There had been so much activity and noise, and now my ears rang in the echoing cavern that the ambulance had left behind. Everyone stayed in the position they had been in when the paramedics left: Ma was by the door with her hands pressed against her cheeks while Mrs. Nesbitt was crouched on the ground, kneading the carpet as though Micah’s body was still in front of her.

Soon Mrs.

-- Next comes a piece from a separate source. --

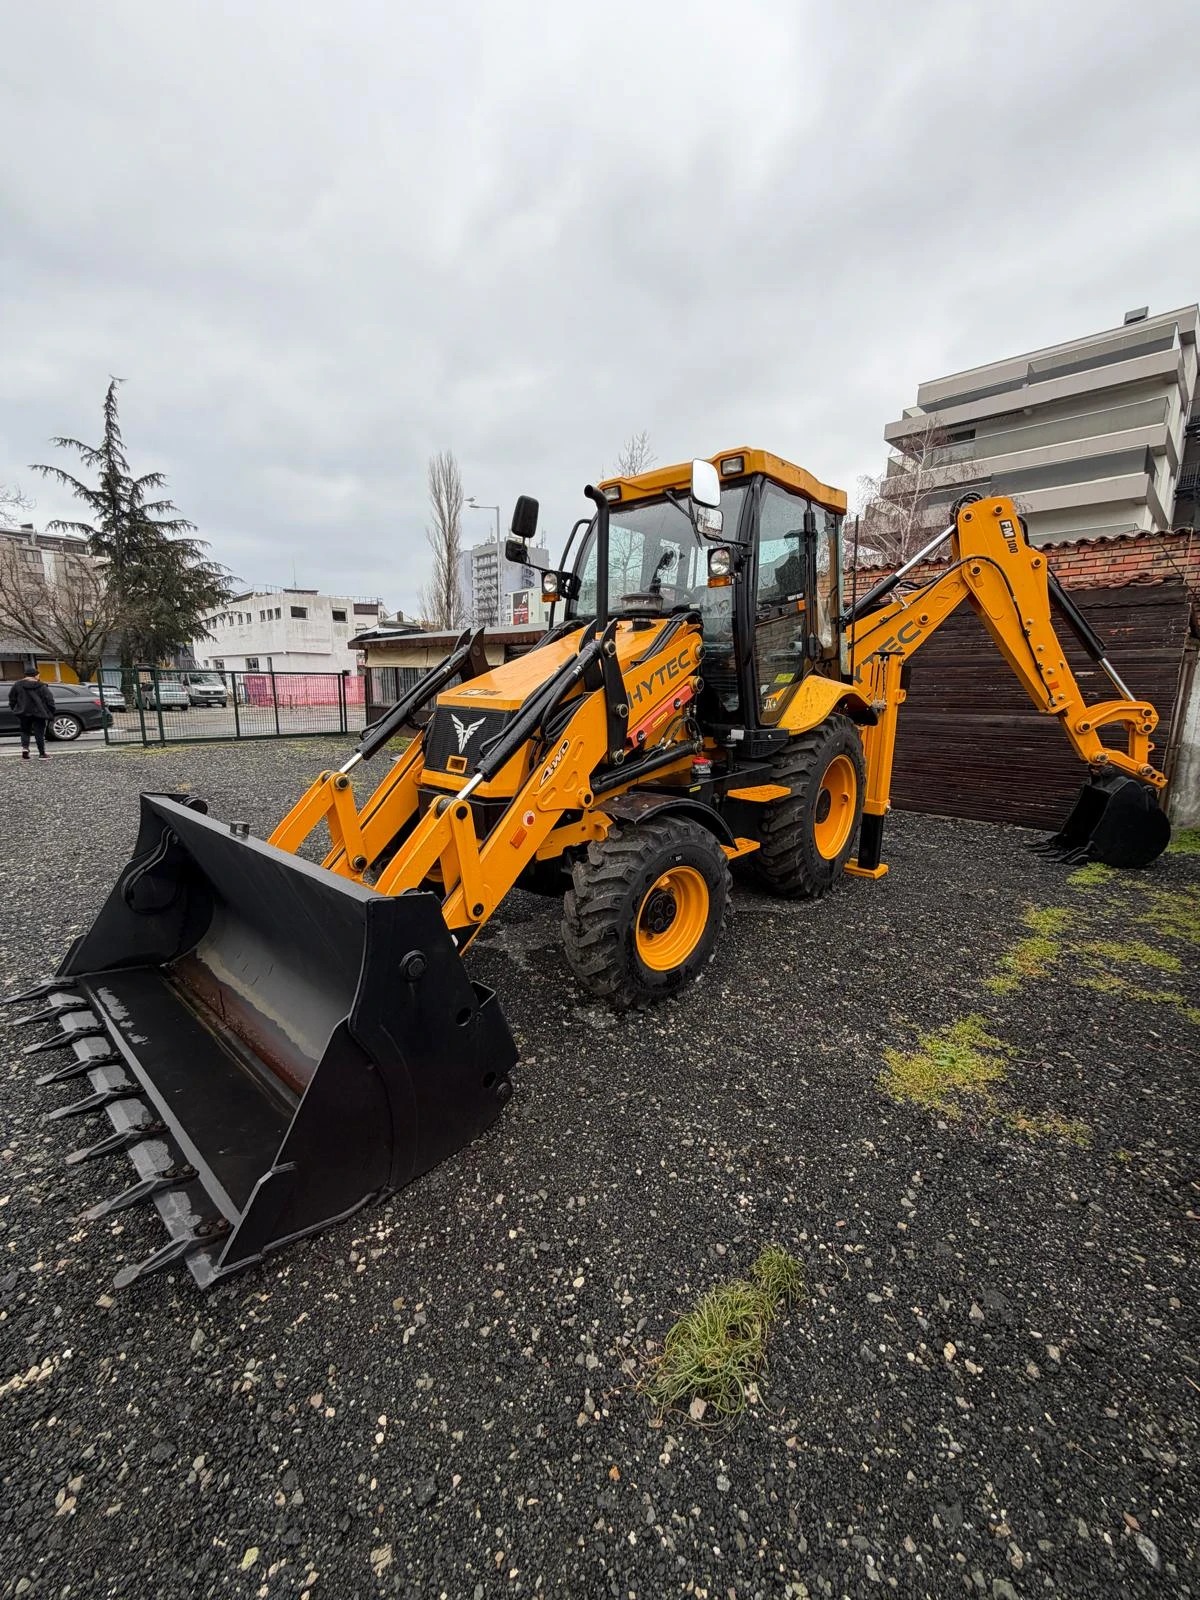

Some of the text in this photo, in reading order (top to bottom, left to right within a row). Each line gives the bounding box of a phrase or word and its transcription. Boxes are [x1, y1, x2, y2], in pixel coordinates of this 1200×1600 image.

[1000, 520, 1019, 553] FM 100
[627, 649, 692, 710] HYTEC
[540, 739, 570, 788] 4WD

Nesbitt rose and opened the annex door—I followed her, Hannah, and Ma into the late-summer breeze that stirred the trees, feeling each tendril of wind curl under my skin as though it had been ripped off in one sheet, leaving the fleshy pink parts underneath exposed. As we walked across the lot to the entrance of the multipurpose room, I peeked at my arm in the sunlight. The skin still looked intact—there was no rash or other outward sign of the fire raging beneath.

“What happened back there?” Ma asked when we reached the hallway outside the multipurpose room.

“I think—” My mouth formed around the confusion that had resided in my body for the past half hour. Papa’s voice came through his closed office door down the hall.

“What were you saying, honey?” She leaned closer. Her nods coaxed words out of me, but Papa’s voice echoed as though he was speaking into a megaphone.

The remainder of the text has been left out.